Excerpts from a dataset
^^^^^^^^

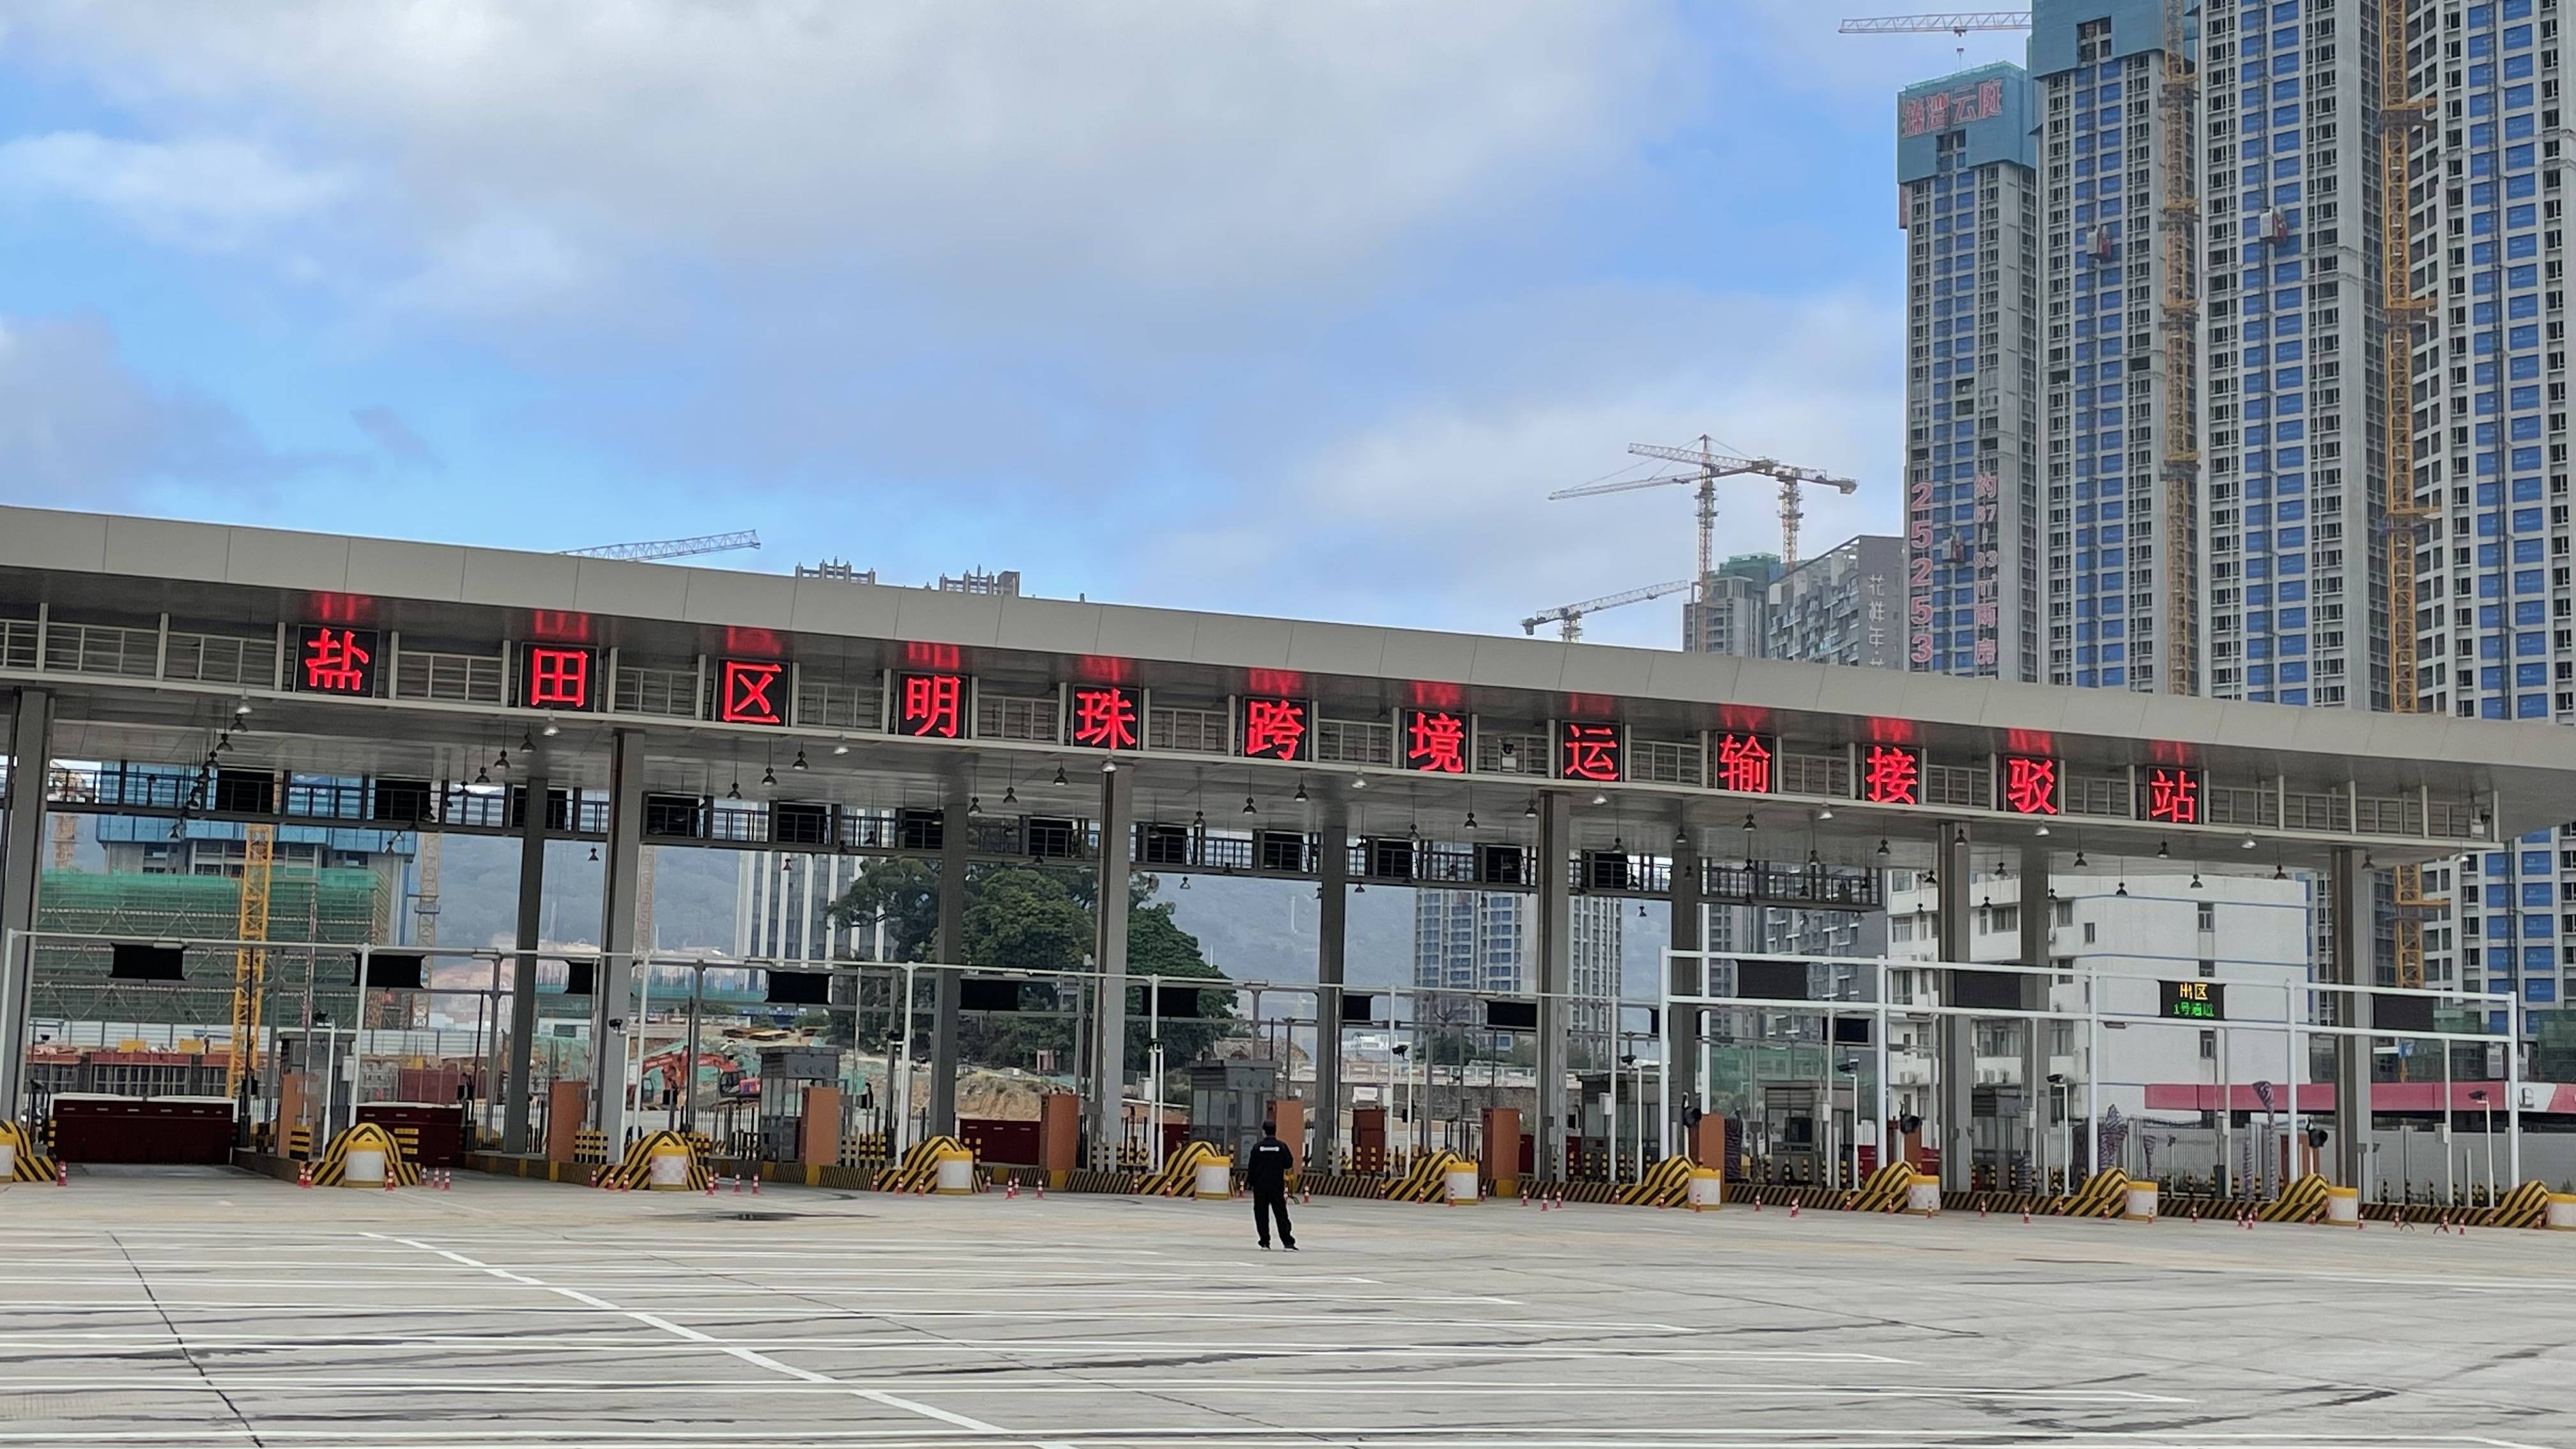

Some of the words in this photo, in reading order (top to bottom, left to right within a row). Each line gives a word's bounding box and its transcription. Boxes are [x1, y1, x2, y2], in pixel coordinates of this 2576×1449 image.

[1910, 482, 1933, 674] 25253
[304, 628, 2198, 824] 盐田区明珠跨境运输接驳站
[2174, 1002, 2214, 1017] 1号通道
[2179, 982, 2209, 1000] 出区

^^^^^^^^

== GOAL OF THE EXERCISE ==
Would you transcribe all of the entries above exactly, minus the images?

== ANSWER FOR THE TASK ==
Some of the words in this photo, in reading order (top to bottom, left to right within a row). Each line gives a word's bounding box and its transcription. Boxes are [x1, y1, x2, y2], in pixel coordinates of this 2576×1449 image.

[1910, 482, 1933, 674] 25253
[304, 628, 2198, 824] 盐田区明珠跨境运输接驳站
[2174, 1002, 2214, 1017] 1号通道
[2179, 982, 2209, 1000] 出区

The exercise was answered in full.